- _Saved data entries_
···
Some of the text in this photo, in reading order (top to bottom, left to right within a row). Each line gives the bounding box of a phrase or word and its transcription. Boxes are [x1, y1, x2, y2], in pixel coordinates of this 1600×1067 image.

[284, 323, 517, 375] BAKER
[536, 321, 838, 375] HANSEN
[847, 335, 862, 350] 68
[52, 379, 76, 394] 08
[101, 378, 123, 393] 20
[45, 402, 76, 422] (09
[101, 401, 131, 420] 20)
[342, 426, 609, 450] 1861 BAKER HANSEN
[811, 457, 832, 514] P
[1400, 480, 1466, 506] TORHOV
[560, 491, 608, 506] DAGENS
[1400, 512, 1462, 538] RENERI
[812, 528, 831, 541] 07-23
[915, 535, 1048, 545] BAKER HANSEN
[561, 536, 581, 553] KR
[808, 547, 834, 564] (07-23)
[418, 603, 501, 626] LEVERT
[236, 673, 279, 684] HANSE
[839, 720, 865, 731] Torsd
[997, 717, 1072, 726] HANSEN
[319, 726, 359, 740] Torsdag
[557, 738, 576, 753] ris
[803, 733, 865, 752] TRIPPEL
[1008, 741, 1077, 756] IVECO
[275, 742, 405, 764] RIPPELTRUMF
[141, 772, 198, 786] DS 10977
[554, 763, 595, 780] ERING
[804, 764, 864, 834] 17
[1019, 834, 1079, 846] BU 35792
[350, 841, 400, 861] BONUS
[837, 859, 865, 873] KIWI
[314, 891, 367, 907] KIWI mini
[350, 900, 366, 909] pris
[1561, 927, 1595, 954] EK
···
- _Task goal_
What you return must match the entries exactly, word for word.

- _Written solution_
Some of the text in this photo, in reading order (top to bottom, left to right within a row). Each line gives the bounding box of a phrase or word and its transcription. Boxes are [x1, y1, x2, y2], in pixel coordinates of this 1600×1067 image.

[284, 323, 517, 375] BAKER
[536, 321, 838, 375] HANSEN
[847, 335, 862, 350] 68
[52, 379, 76, 394] 08
[101, 378, 123, 393] 20
[45, 402, 76, 422] (09
[101, 401, 131, 420] 20)
[342, 426, 609, 450] 1861 BAKER HANSEN
[811, 457, 832, 514] P
[1400, 480, 1466, 506] TORHOV
[560, 491, 608, 506] DAGENS
[1400, 512, 1462, 538] RENERI
[812, 528, 831, 541] 07-23
[915, 535, 1048, 545] BAKER HANSEN
[561, 536, 581, 553] KR
[808, 547, 834, 564] (07-23)
[418, 603, 501, 626] LEVERT
[236, 673, 279, 684] HANSE
[839, 720, 865, 731] Torsd
[997, 717, 1072, 726] HANSEN
[319, 726, 359, 740] Torsdag
[557, 738, 576, 753] ris
[803, 733, 865, 752] TRIPPEL
[1008, 741, 1077, 756] IVECO
[275, 742, 405, 764] RIPPELTRUMF
[141, 772, 198, 786] DS 10977
[554, 763, 595, 780] ERING
[804, 764, 864, 834] 17
[1019, 834, 1079, 846] BU 35792
[350, 841, 400, 861] BONUS
[837, 859, 865, 873] KIWI
[314, 891, 367, 907] KIWI mini
[350, 900, 366, 909] pris
[1561, 927, 1595, 954] EK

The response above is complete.